TOKYO (Reuters) - North Korea will hand over a long-delayed report of its nuclear activities on June 26 in a step toward disarmament, Kyodo news agency said in a report from Beijing on Monday, citing sources close to six-party talks on the issue.
In response, the United States will begin the process of removing Pyongyang from a list of nations Washington sees as sponsors of terrorism, the report said, a move that would ease trade sanctions.
In Washington, U.S. State Department spokesman Tom Casey told reporters the United States had no firm date on which to expect the the long overdue declaration. He said the U.S. envoy to talks on North Korea's nuclear weapons, Christopher Hill, had no current plans to meet North Korean officials.
But Casey repeated Secretary of State Condoleezza Rice's recent comment that a declaration was expected "soon."
Last week, Hill expressed hope that Pyongyang would turn in the documents soon, paving the way for a resumption of stalled disarmament talks.

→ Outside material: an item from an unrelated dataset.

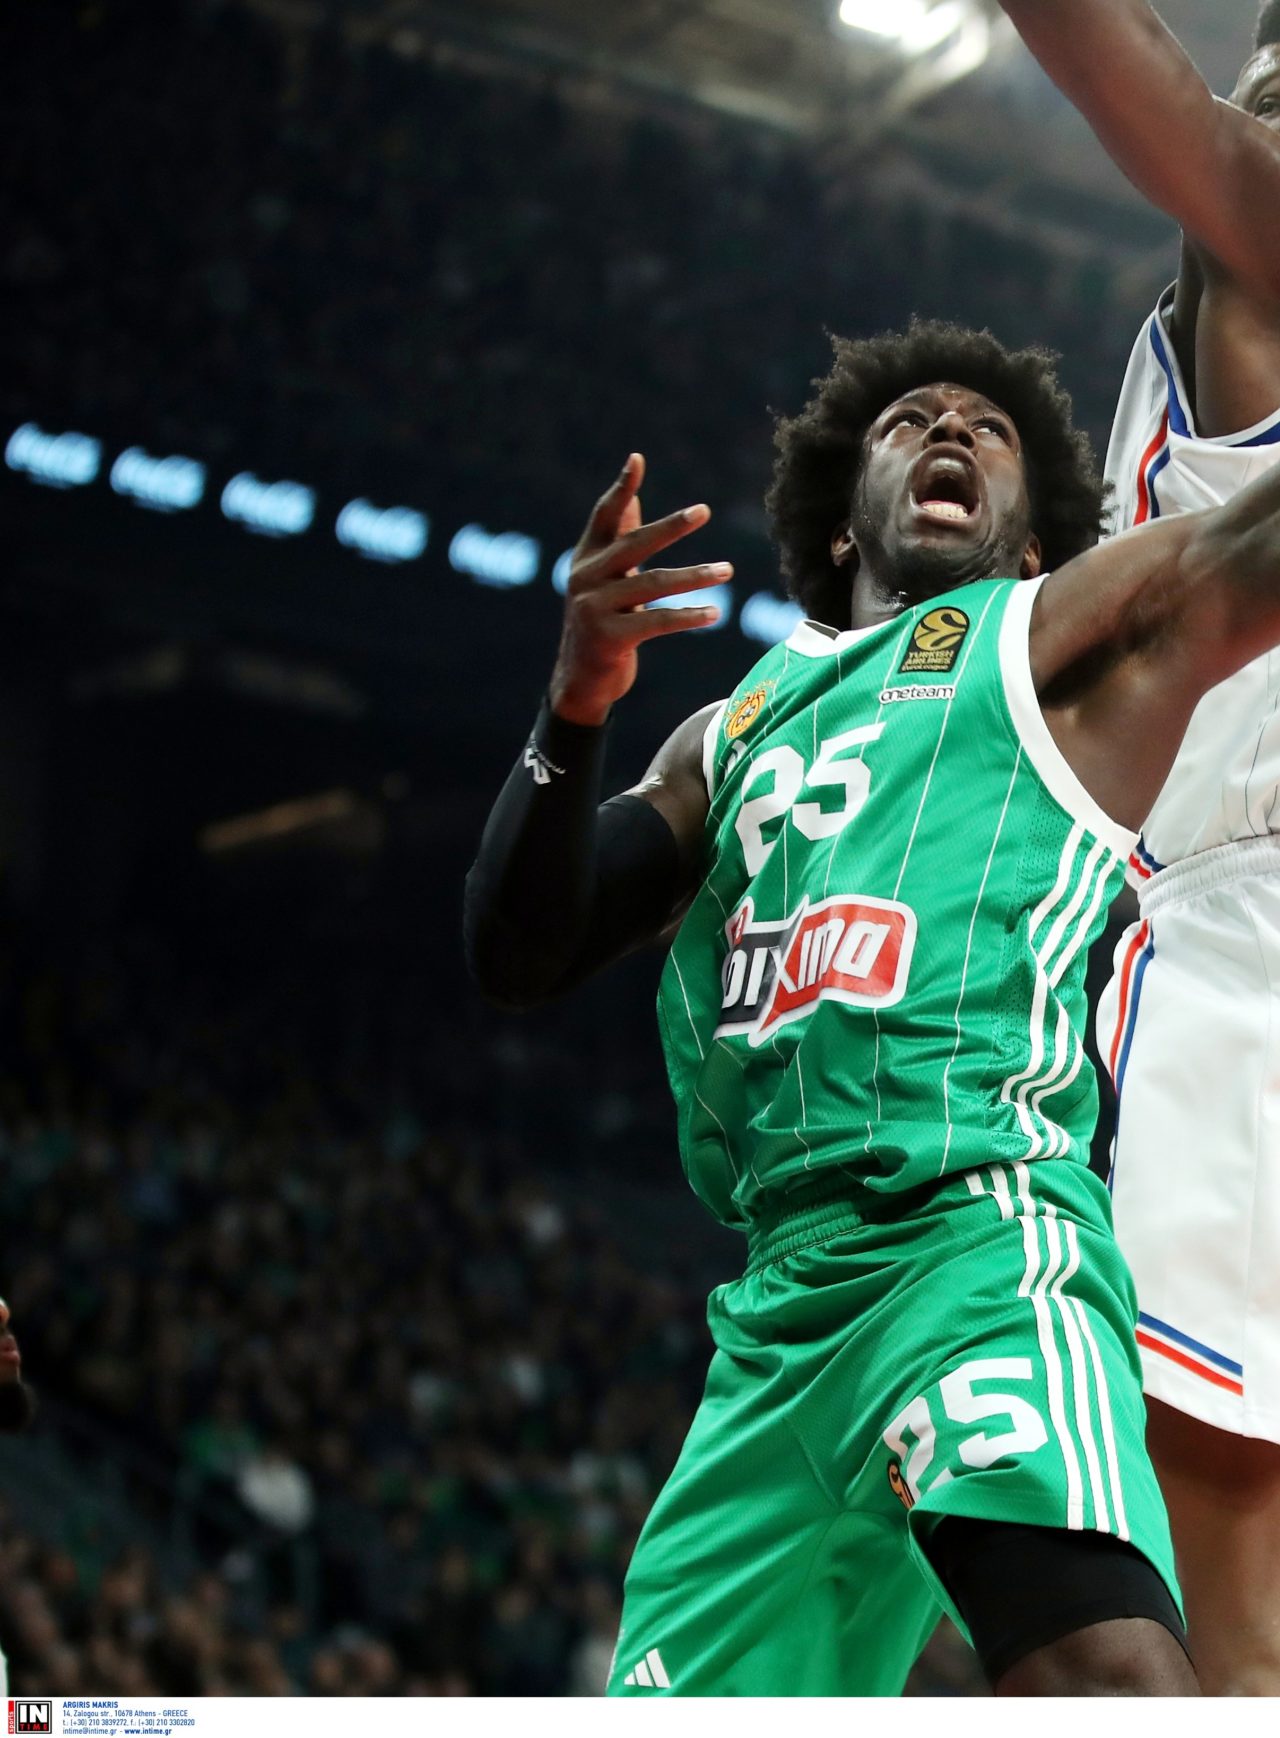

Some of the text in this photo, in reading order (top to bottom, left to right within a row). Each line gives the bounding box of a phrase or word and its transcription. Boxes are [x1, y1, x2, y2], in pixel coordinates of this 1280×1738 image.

[881, 687, 953, 701] oneteam
[735, 722, 887, 877] 25
[882, 1357, 1049, 1504] 25

North Korea shocked the world by testing a nuclear device in October 2006.
The six-party process, involving China, South Korea, Russia and Japan as well as North Korea and the United States, was set up to negotiate nuclear disarmament in return for improved diplomatic ties and economic aid desperately needed by the impoverished state.

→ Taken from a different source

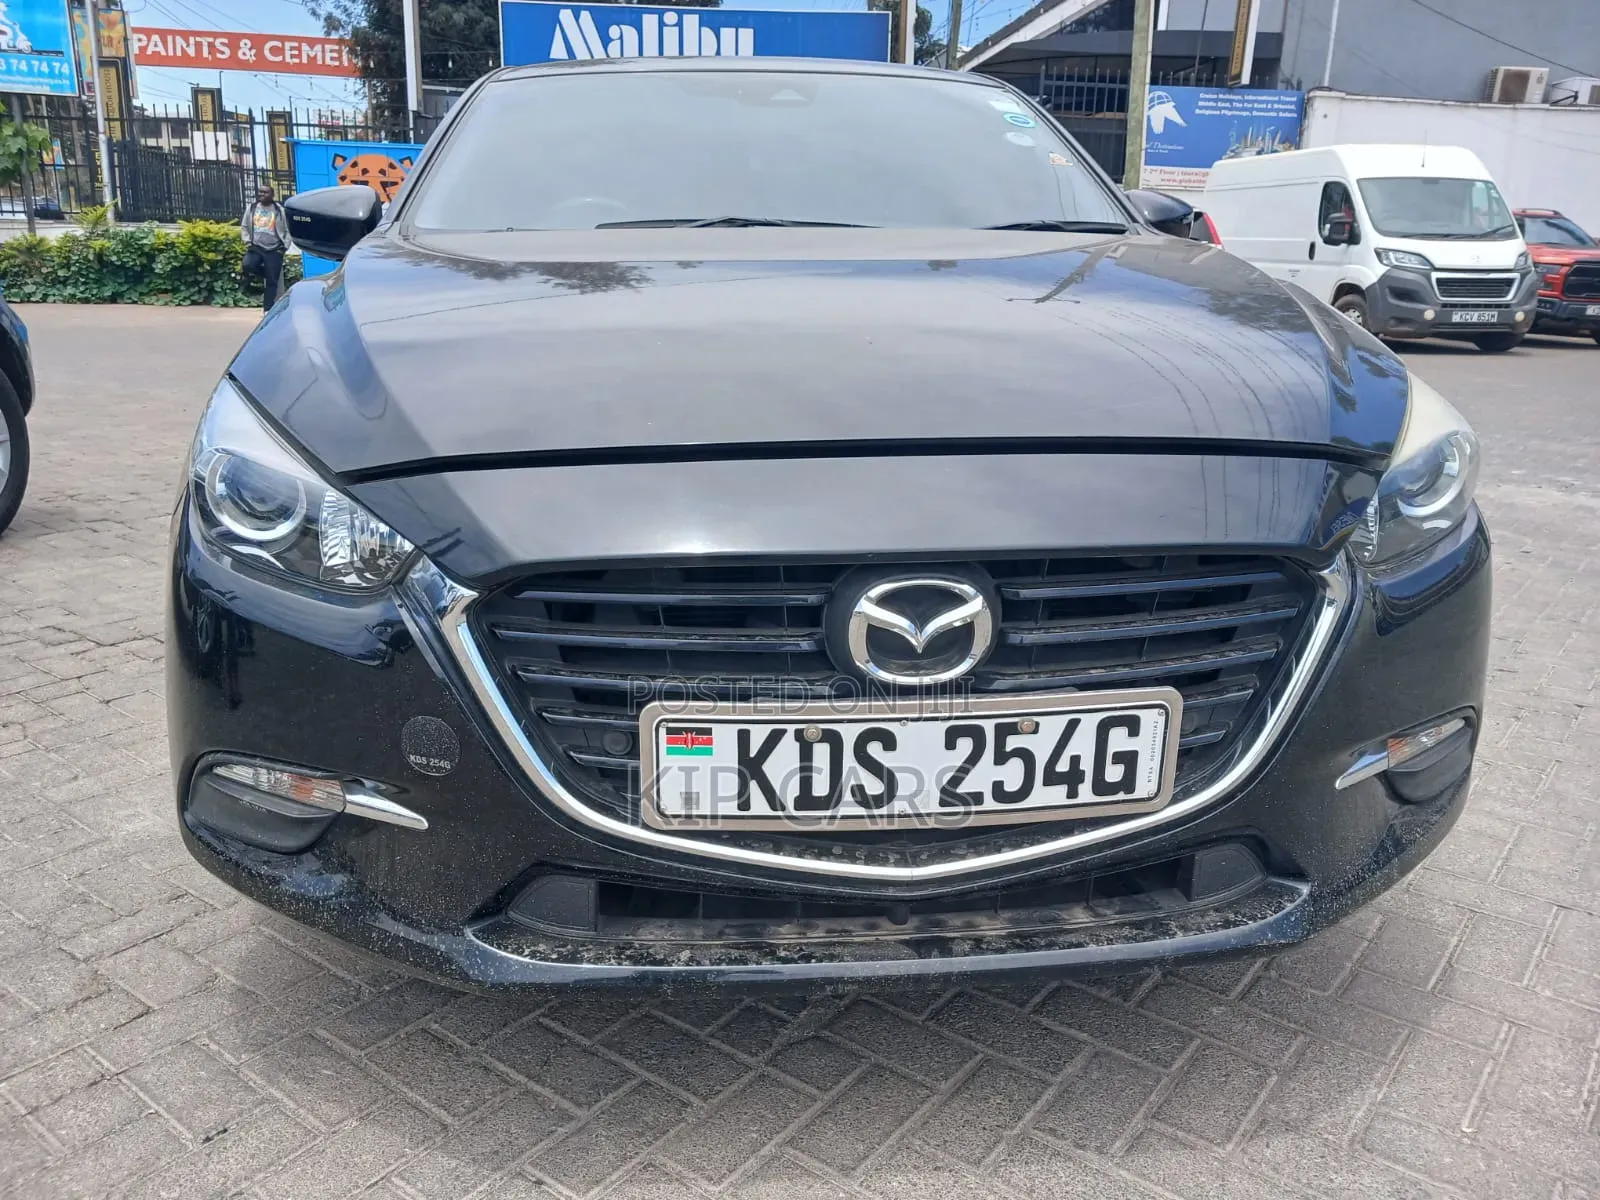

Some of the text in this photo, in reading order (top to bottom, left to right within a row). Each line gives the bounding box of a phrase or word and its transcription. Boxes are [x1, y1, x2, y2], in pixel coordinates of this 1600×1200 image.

Pyonyang had agreed to produce the report on its nuclear programs by the end of last year.
Japan's Foreign Minister Masahiko Komura had been set to urge Rice to be cautious about removing North Korea from the terrorism list at a meeting in Kyoto on June 27, but the process will likely have started by that time, Kyodo said.
Earlier on Monday, Korean media reported that Pyongyang wants to invite five foreign news companies to record the destruction of the cooling tower at its aging nuclear complex in a show of its will to abide by the disarmament deal.
Korean officials said the event would take place at the North's Yongbyon nuclear complex, about 100 km (60 miles) north of Pyongyang.